++++ Data for analysis

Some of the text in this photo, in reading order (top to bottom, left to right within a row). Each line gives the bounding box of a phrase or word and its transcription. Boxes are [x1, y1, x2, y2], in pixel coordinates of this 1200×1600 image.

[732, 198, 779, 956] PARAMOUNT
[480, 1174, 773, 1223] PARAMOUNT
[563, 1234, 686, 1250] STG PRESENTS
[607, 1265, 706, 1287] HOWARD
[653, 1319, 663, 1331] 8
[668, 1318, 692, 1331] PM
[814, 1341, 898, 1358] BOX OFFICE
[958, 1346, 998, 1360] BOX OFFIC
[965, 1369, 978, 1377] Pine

++++++++

Every record must be returned exactly.

#### Result of the task
Some of the text in this photo, in reading order (top to bottom, left to right within a row). Each line gives the bounding box of a phrase or word and its transcription. Boxes are [x1, y1, x2, y2], in pixel coordinates of this 1200×1600 image.

[732, 198, 779, 956] PARAMOUNT
[480, 1174, 773, 1223] PARAMOUNT
[563, 1234, 686, 1250] STG PRESENTS
[607, 1265, 706, 1287] HOWARD
[653, 1319, 663, 1331] 8
[668, 1318, 692, 1331] PM
[814, 1341, 898, 1358] BOX OFFICE
[958, 1346, 998, 1360] BOX OFFIC
[965, 1369, 978, 1377] Pine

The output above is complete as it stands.